> [WORK TO COMPLETE]
Omit the images and output every line of the data below exactly.

> [RECORDED INFORMATION]
+ + + +

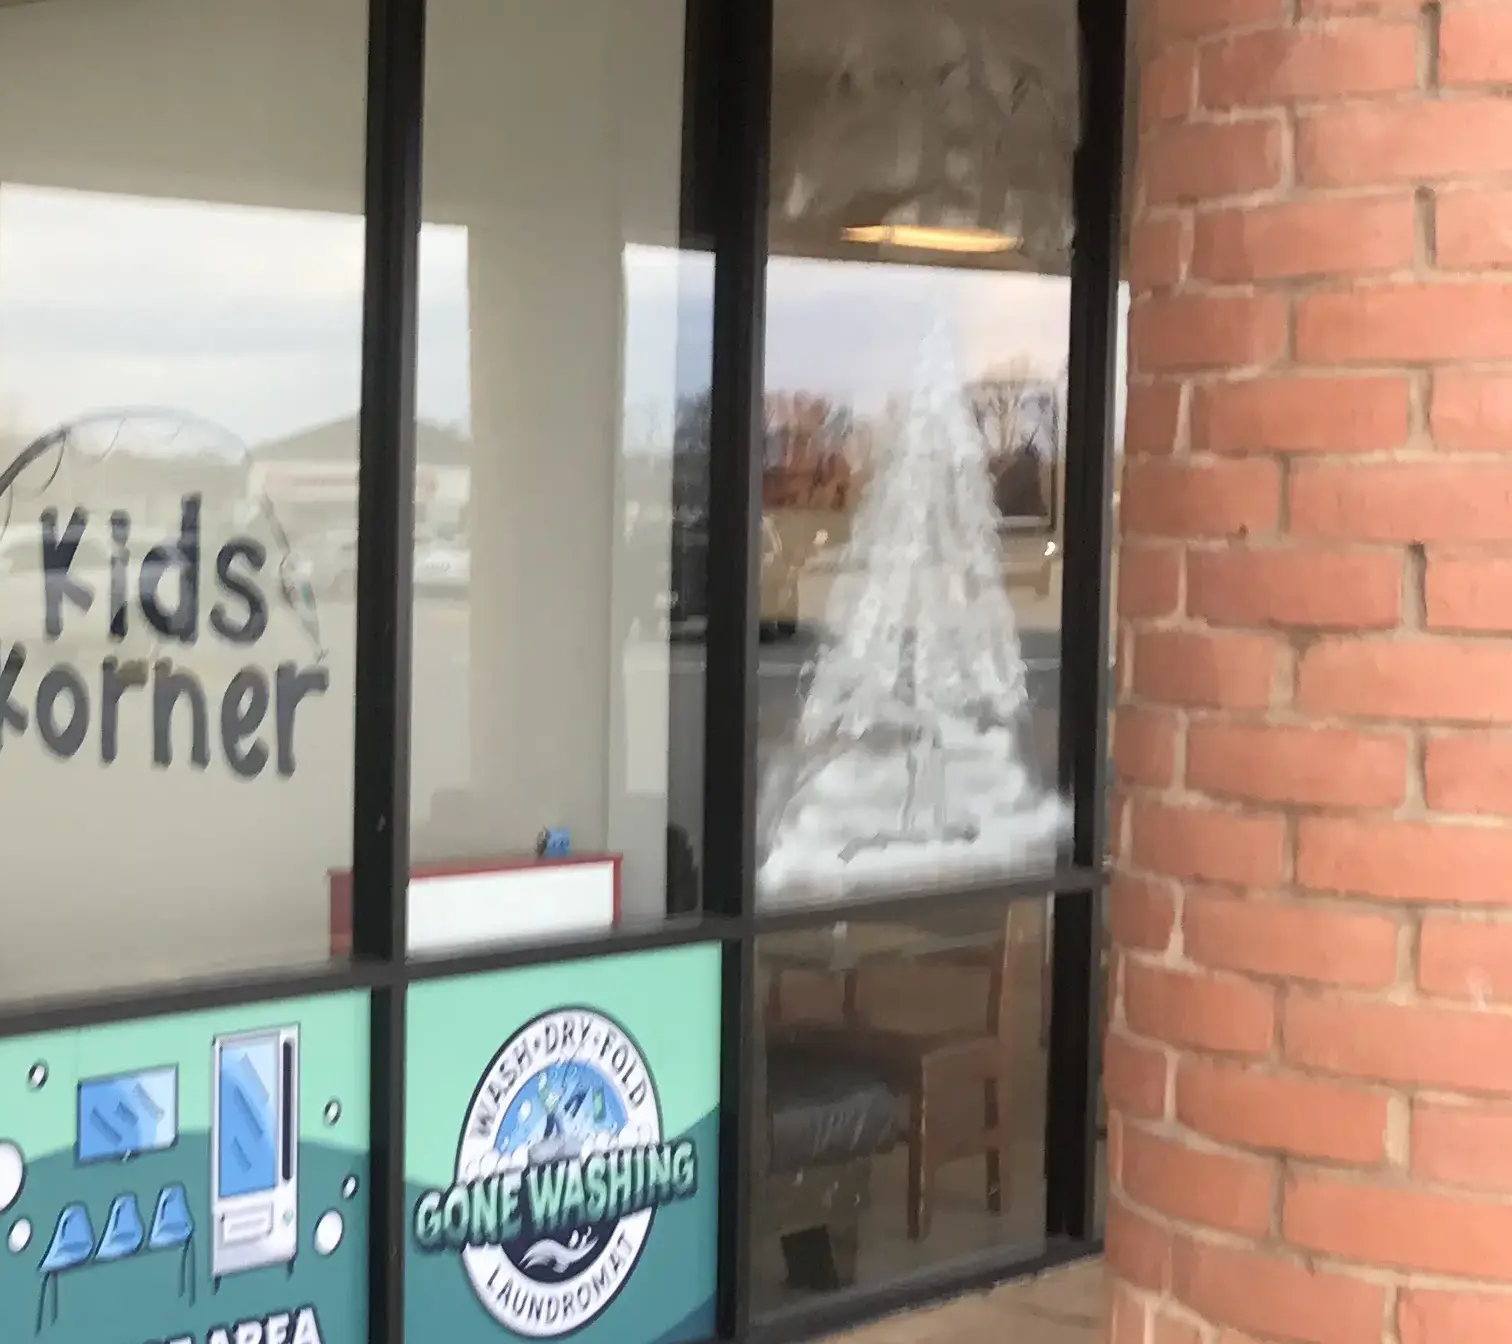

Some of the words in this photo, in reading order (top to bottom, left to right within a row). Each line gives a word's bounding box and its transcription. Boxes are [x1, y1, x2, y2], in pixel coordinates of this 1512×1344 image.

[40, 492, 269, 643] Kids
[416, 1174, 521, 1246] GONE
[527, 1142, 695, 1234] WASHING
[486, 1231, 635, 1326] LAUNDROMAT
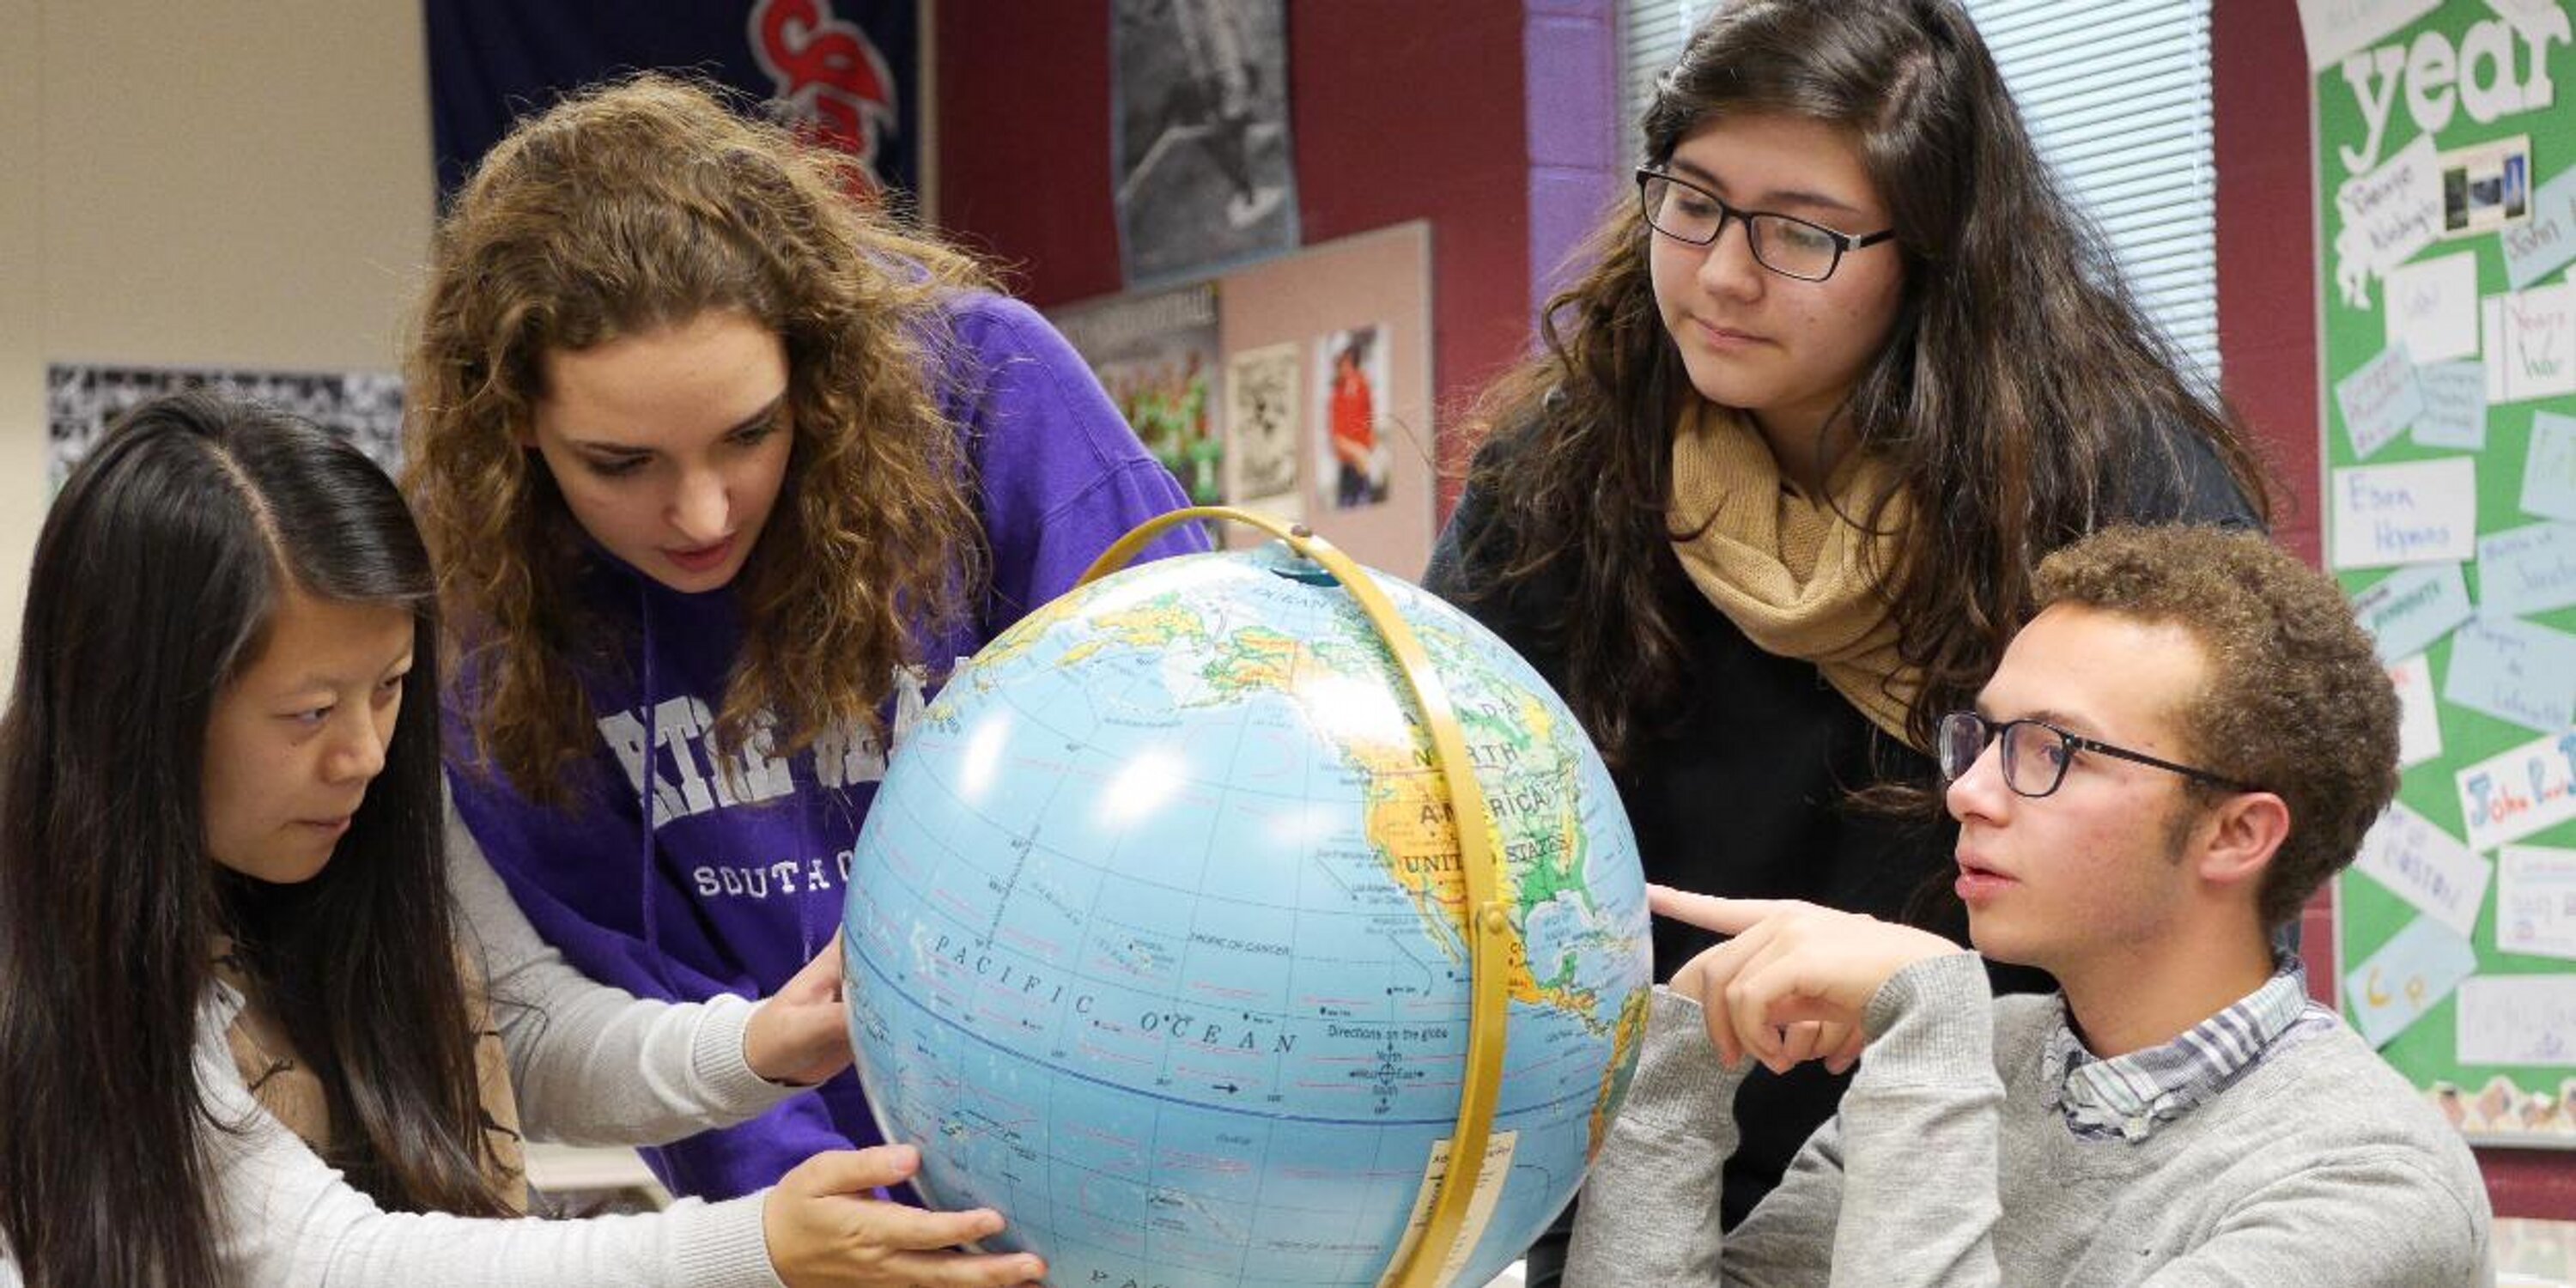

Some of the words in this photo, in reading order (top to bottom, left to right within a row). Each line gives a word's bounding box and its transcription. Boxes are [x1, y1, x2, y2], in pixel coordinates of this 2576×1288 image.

+ + + +

> [TASK OUTPUT]
Some of the words in this photo, in reading order (top to bottom, left to right within a row). Each line gives a word's bounding box and its transcription. Boxes are [x1, y1, x2, y2], in pixel coordinates of this 1512×1344 image.

[40, 492, 269, 643] Kids
[416, 1174, 521, 1246] GONE
[527, 1142, 695, 1234] WASHING
[486, 1231, 635, 1326] LAUNDROMAT

Some of the words in this photo, in reading order (top to bottom, left to right within a row). Each line gives a word's bounding box and its transcription. Boxes are [x1, y1, x2, y2], in pixel coordinates of this 2576×1288 image.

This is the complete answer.